Here are some common questions and our responses.
1. What does Arizona’s Move on When Reading law say about third grade retention?
The exact language says that a pupil can be retained if he or she “obtains a score on the reading portion of the Arizona instrument to measure standards test, or a successor test, that demonstrates that the pupil's reading falls far below the third grade level or the equivalent as established by the board.”
2. Are there any exceptions?
Yes. There is one exception for English language learners, and another related to certain categories of students with disabilities.
3. What does the exception for students with disabilities say?
The exception related to students with disabilities allows for promotion of a student who:
“…is in the process of a special education referral or evaluation for placement in special education or a pupil who has been diagnosed as having a significant reading impairment, including dyslexia or a pupil who is a child with a disability as defined in section 15-761 if the pupil's individualized education program team and the pupil's parent or guardian agree that promotion is appropriate based on the pupil's individualized education program.”
4. So who, exactly, is eligible for this exception?
The following students are eligible for the disability exception to the grade retention requirement of Move on When Reading:
- A student who is in the “process of a special education referral or evaluation for placement in special education”
- A student who has been diagnosed as having a significant reading impairment
- A student who has been diagnosed as having dyslexia
- A student who has any other disability, if that student has an IEP and the IEP team and the parents agree that “promotion is appropriate”

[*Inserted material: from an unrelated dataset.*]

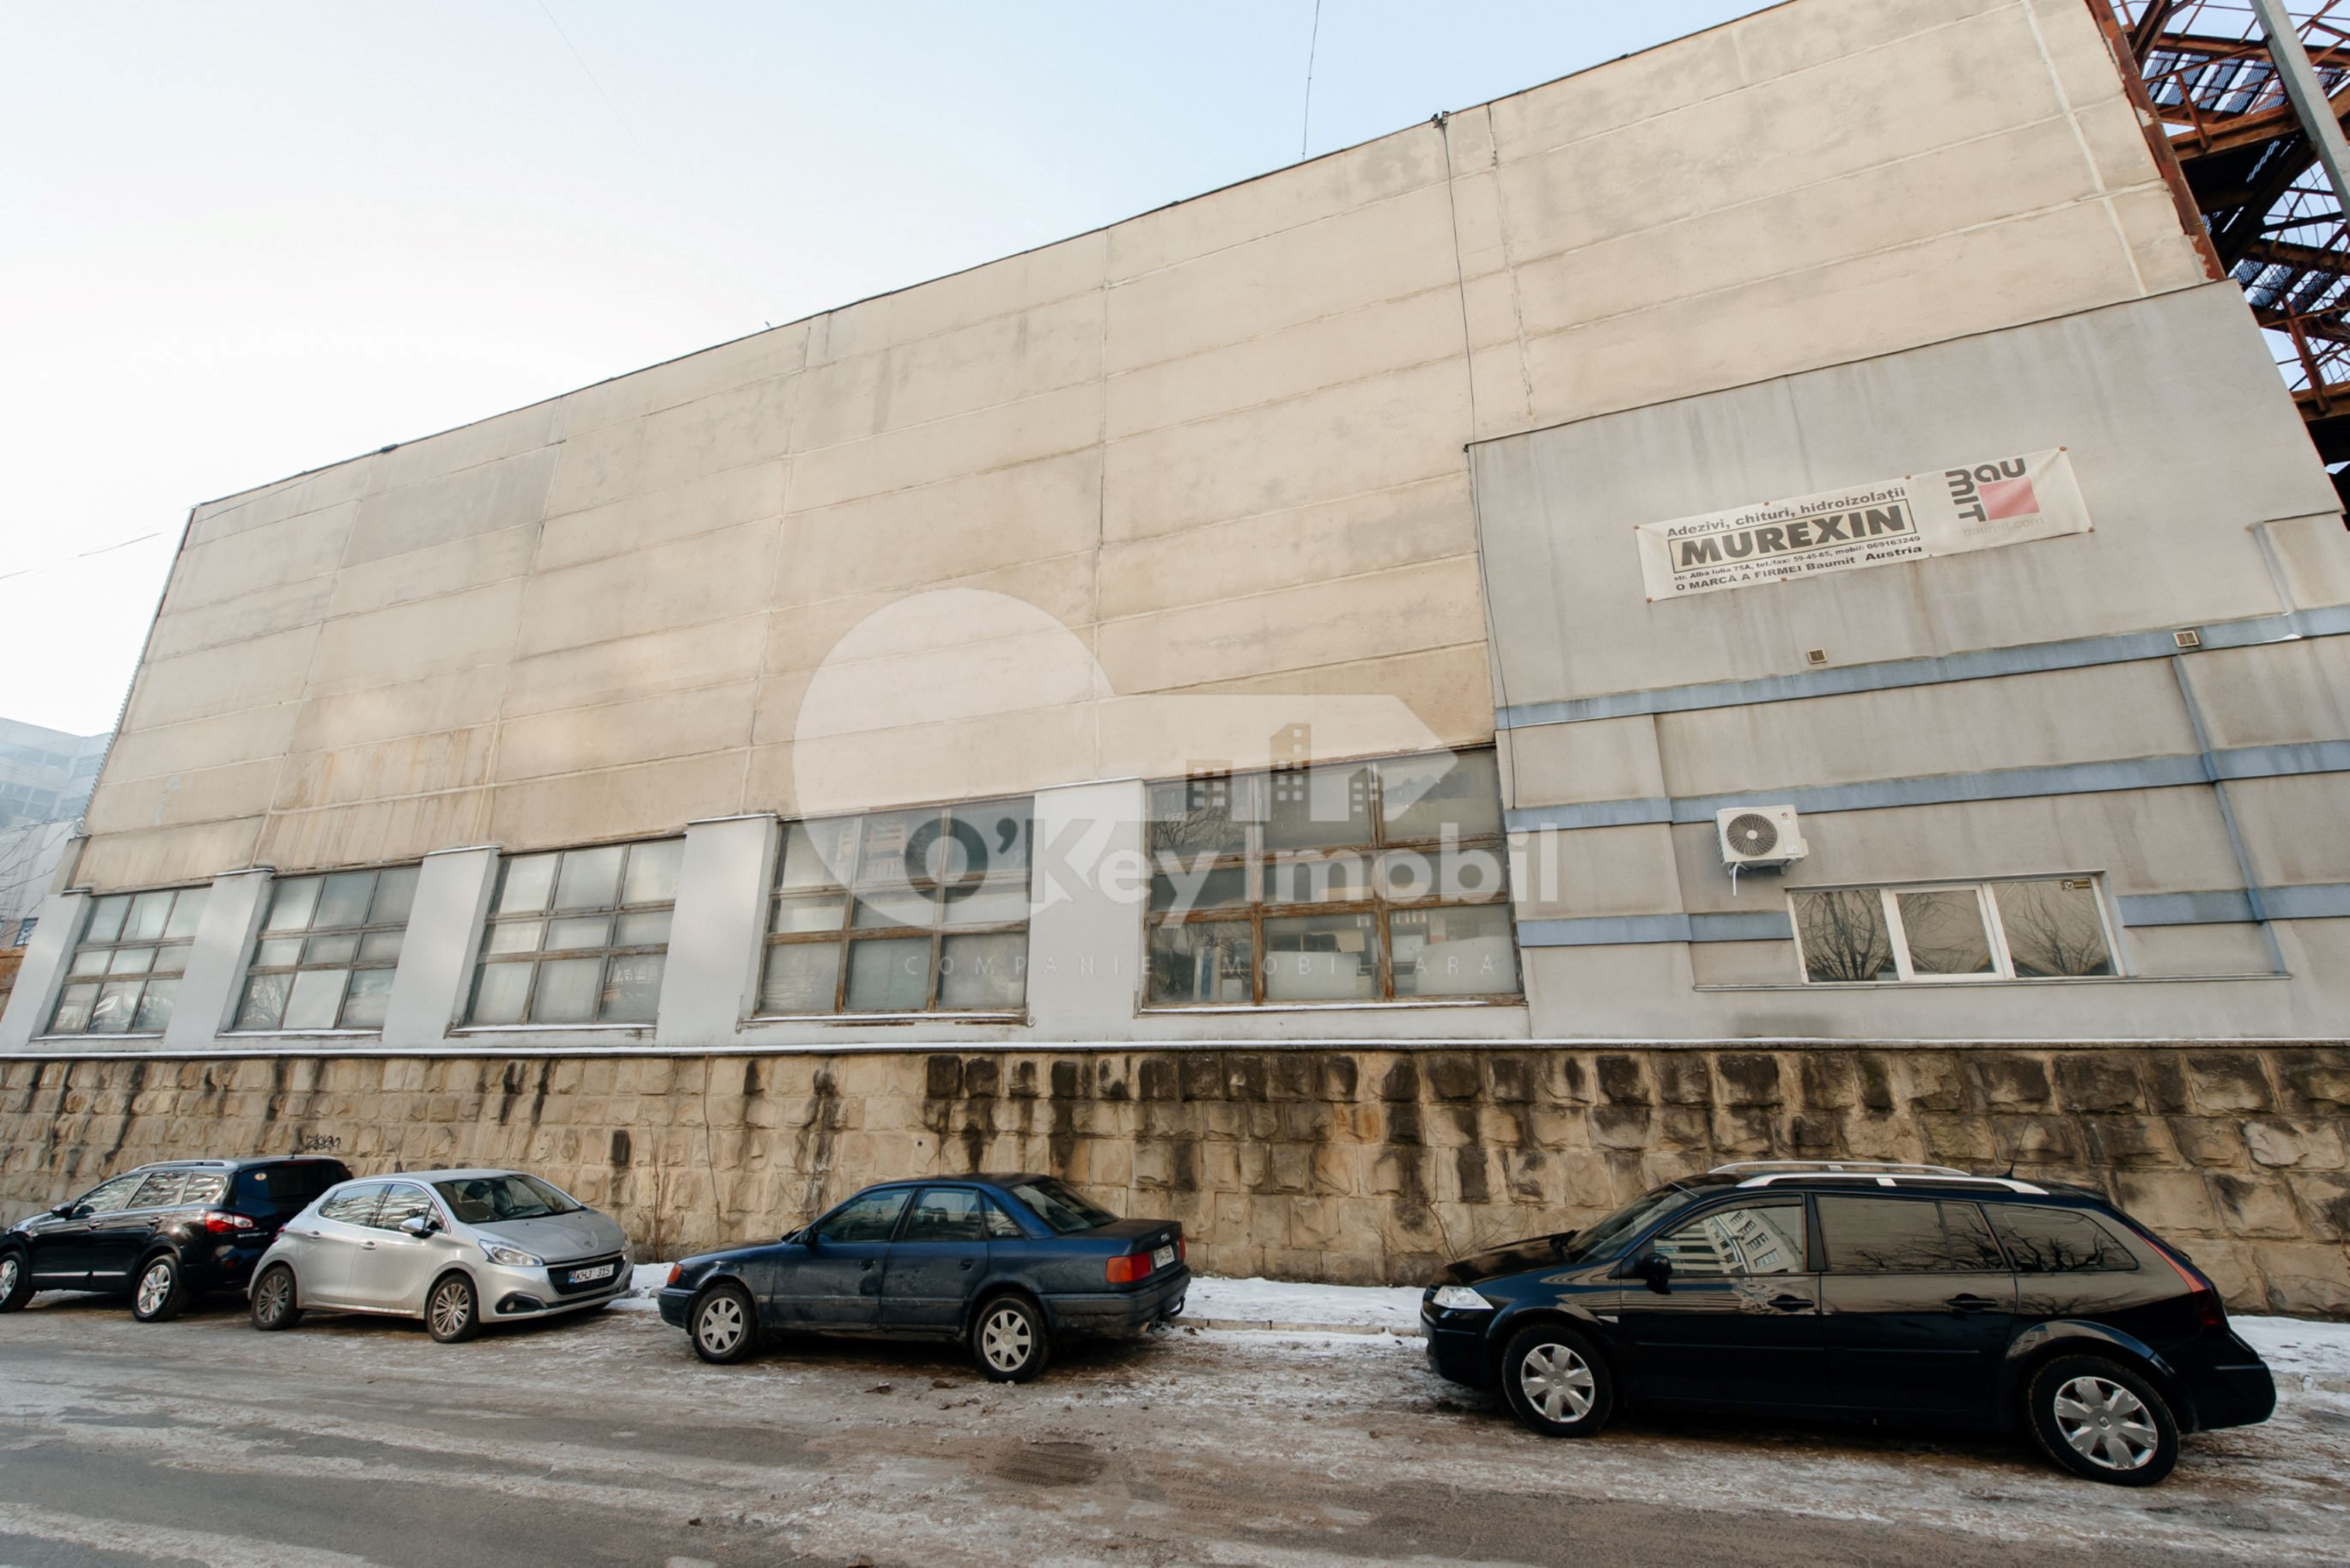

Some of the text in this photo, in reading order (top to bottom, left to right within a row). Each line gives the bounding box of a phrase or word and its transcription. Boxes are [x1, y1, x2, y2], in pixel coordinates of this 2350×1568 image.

5. How does the law define “dyslexia”?
The law defines dyslexia as “a brain-based learning difference that impairs a person's ability to read and spell, that is independent of intelligence and that typically causes a person to read at levels lower than expected.”

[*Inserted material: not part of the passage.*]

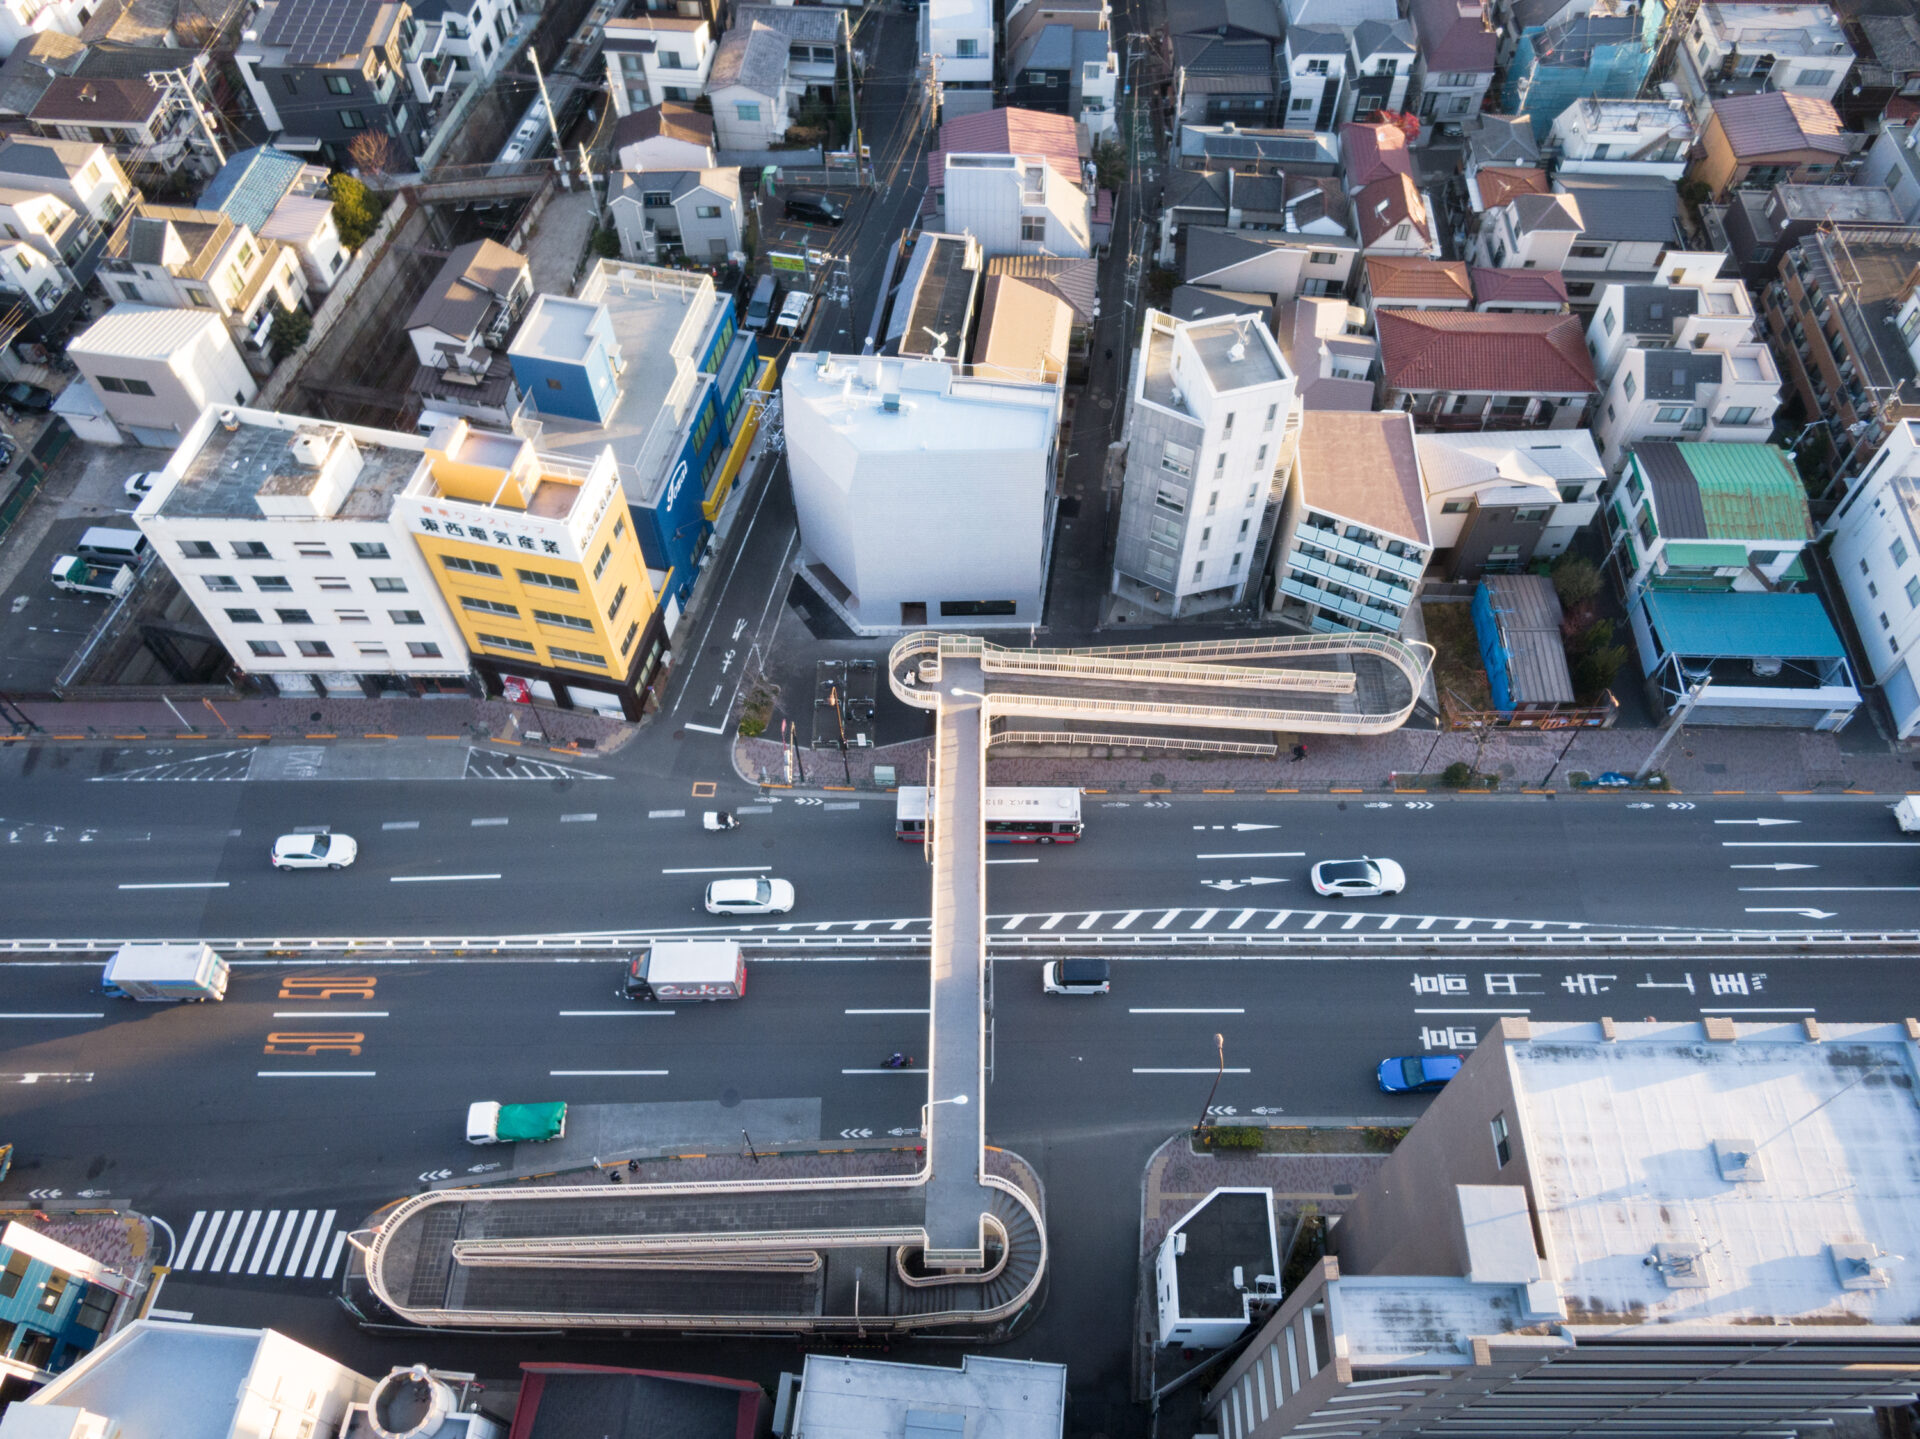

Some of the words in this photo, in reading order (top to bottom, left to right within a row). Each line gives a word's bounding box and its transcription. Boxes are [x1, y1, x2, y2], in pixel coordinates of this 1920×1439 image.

[419, 517, 561, 555] 東西電気産業
[278, 976, 377, 999] 50
[264, 1032, 365, 1056] 50

6. My child has a 504 plan for dyslexia. Is he/she eligible for an exception?
Yes, assuming you can show that your child has been diagnosed with a significant reading impairment or dyslexia.
7. My child doesn’t have an IEP or a Section 504 plan, but I suspect he/she may have dyslexia or some other significant reading impairment. I cannot afford to get a private evaluation. Can my child still be retained?
It depends. If you suspect your child has a disability, including a reading disability, you have a legal right to request an evaluation for special education under the federal Individuals with Disabilities Education Act (“IDEA”). If you request an evaluation, your child could be promoted based on the exception for those “in the process of a special education referral or evaluation for placement in special education.”
For further information about how to request a special education evaluation, please refer to pages 11-12 of the self-advocacy guide provided by the Arizona Center for Disability Law.
8. Can I use a private evaluation that shows my child has a significant reading impairment or dyslexia to demonstrate that my child is eligible for the exception to third grade retention?
9. When should I talk to my child’s school about my concerns about third grade retention?
The timing of your discussions with your school is a matter entirely within your discretion. If you or your child is worried or concerned about the possibility of grade retention, it may give you peace of mind to discuss the situation with the school (or the IEP team, if applicable) sooner rather than later.
We hope this post has provided the clarification you need.